Marcus Vinicius (also spelled Vinucius) was a Roman senator and general, who held a number of posts in the service of the first Roman emperor, Augustus. Vinicius was suffect consul in the latter part of 19 BC with Quintus Lucretius Vespillo as his colleague.

Career
Born the son of a Roman knight at Cales in Regio I (Latium et Campania) of Italia, Vinicius distinguished himself as legatus Augusti pro praetore or governor of the imperial province of Gallia Belgica in 25 BC, when he led a successful campaign into Germania.

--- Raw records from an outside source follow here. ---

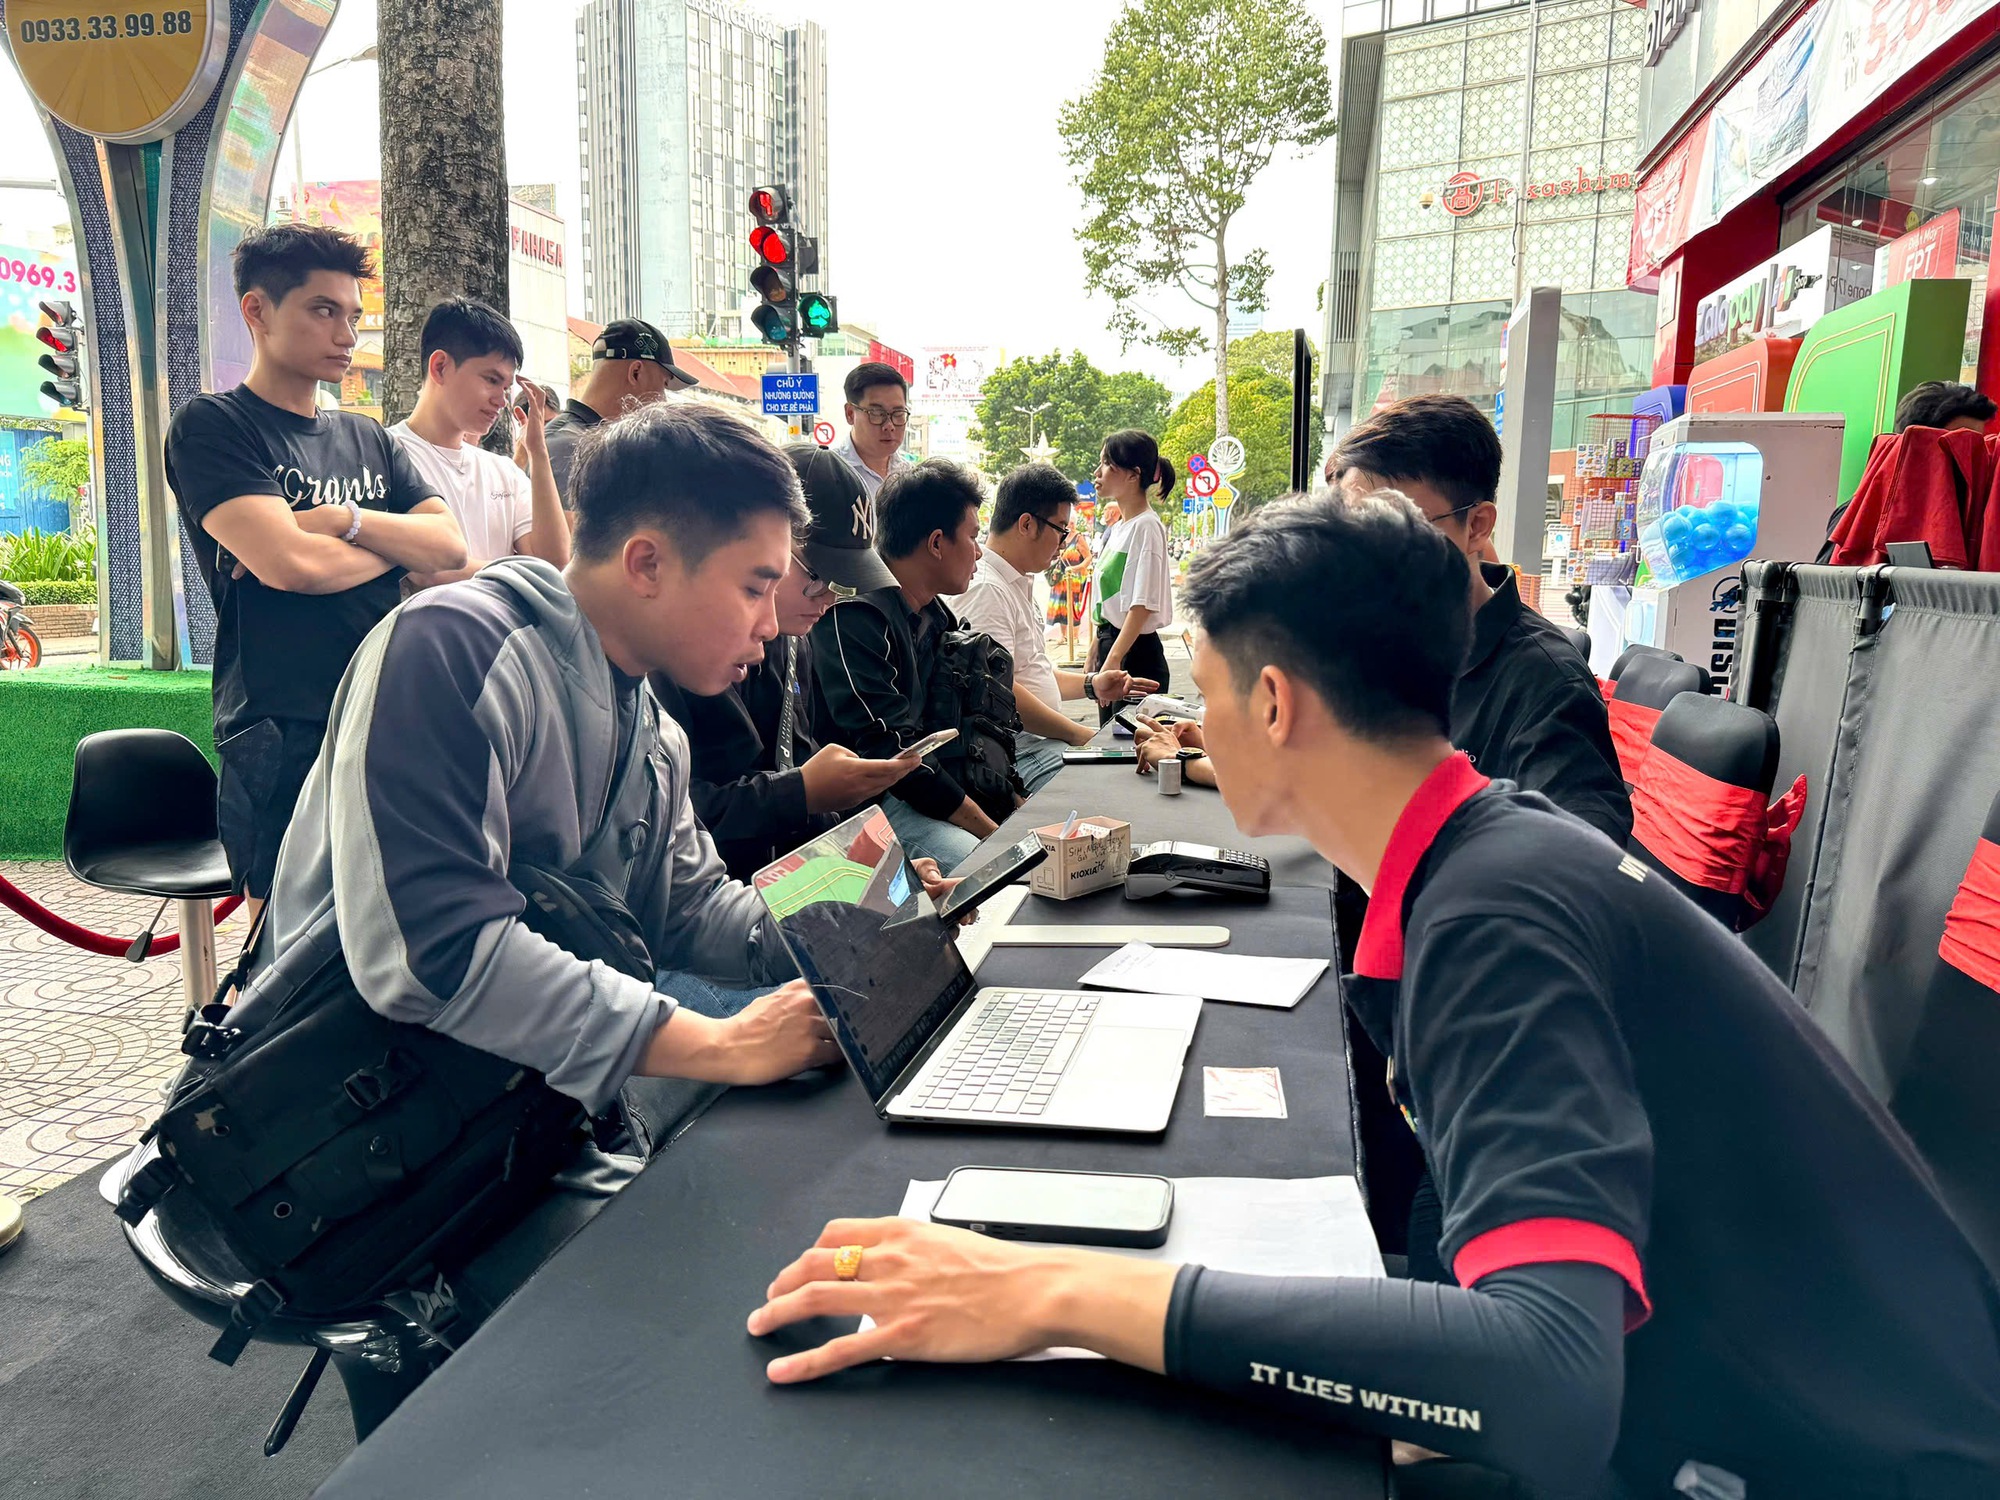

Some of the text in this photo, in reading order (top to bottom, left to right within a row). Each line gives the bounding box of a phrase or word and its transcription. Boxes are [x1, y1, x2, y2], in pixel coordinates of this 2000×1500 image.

[20, 10, 192, 43] 0933.33.99.88
[511, 226, 563, 268] FAHASA
[1903, 242, 1937, 282] FPT
[1695, 277, 1767, 347] Zalopay
[765, 403, 779, 412] CHO
[780, 403, 789, 412] XE
[851, 494, 873, 540] NY
[1070, 866, 1098, 880] KIOXIA
[1250, 1361, 1481, 1432] IT LIES WITHIN

At some point, Vinicius may also have served as governor of the senatorial province of Achaea; an inscription from Corinth, dated to 18–12 BC and honoring his fellow-general, and the Emperor's right-hand man, Marcus Vipsanius Agrippa, reveals that an administrative division of the city had been named the tribus Vinicia, apparently in Vinicius' honor. In recognition of his services, Vinicius, the archetypal homo novus, was appointed suffect consul in 19 BC, replacing Gaius Sentius Saturninus.

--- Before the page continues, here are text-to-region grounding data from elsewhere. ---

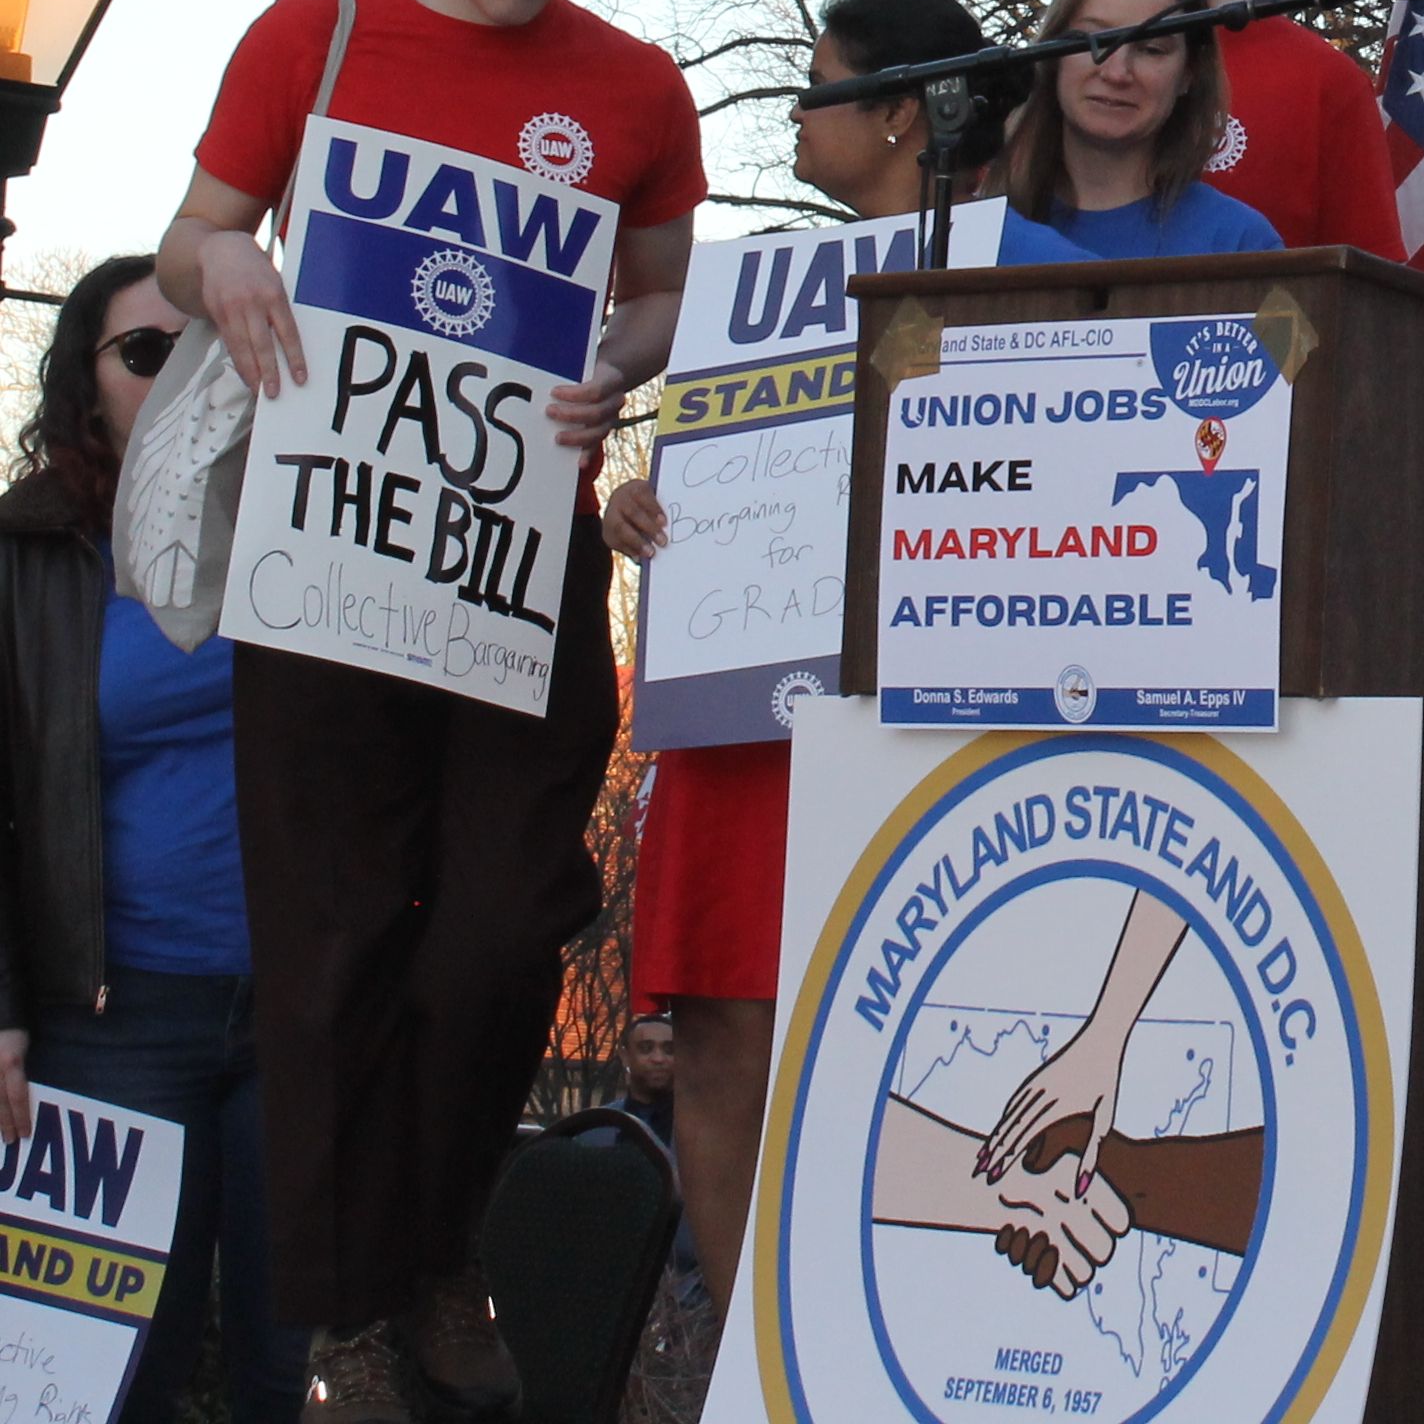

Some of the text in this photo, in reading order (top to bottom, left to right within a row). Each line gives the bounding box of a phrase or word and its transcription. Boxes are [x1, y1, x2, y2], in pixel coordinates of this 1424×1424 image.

[541, 139, 573, 158] UAW
[324, 137, 602, 278] UAW
[435, 283, 473, 306] UAW
[971, 332, 1006, 352] State
[1010, 331, 1020, 349] &
[1025, 330, 1046, 349] DC
[1050, 327, 1114, 349] AFL-CIO
[1185, 321, 1258, 356] IT'S BETTER
[1212, 342, 1231, 353] IN A
[674, 361, 857, 424] STAND
[1173, 355, 1267, 401] Union
[331, 325, 533, 505] PASS
[901, 388, 1169, 429] UNION JOBS
[896, 459, 1033, 495] MAKE
[668, 494, 796, 545] Bargaining
[274, 454, 556, 636] THE BILL
[762, 537, 814, 568] for
[893, 524, 1158, 561] MARYLAND
[250, 550, 551, 701] Collective Bargaining
[688, 576, 845, 639] GRAD
[889, 593, 1193, 628] AFFORDABLE
[913, 689, 1019, 704] Donna S. Edwards
[1136, 690, 1246, 709] Samuel A. Epps IV
[855, 785, 1316, 1067] MARYLAND STATE AND D.C.
[86, 1258, 146, 1303] UP
[995, 1347, 1063, 1375] MERGED
[944, 1377, 1103, 1414] SEPTEMBER 6, 1957

After his consulship, Vinicius continued to be entrusted with important military commands. He served as governor of Illyricum at the beginning of a series of rebellions which were called by Roman sources bellum Pannonicum (Pannonian war, 14–10 BC) until late 13 BC when Augustus assigned the supreme command to Marcus Vipsanius Agrippa. An inscription found at Tusculum reads "... propraetor of Caesar Augustus in [Illyricum; he was the first to advance] beyond the river Danube; he [routed] the army of [the Dacians] and the Bastarnae in battle; he brought the Cotini, [Osi], . . . and Anartii [under the sway of Imperator Caesar] Augustus [and the Roman people].

Between AD 1 and 4, Vinicius commanded the five legions stationed in Germany. His army fought so successfully that he was awarded ornamenta triumphalia.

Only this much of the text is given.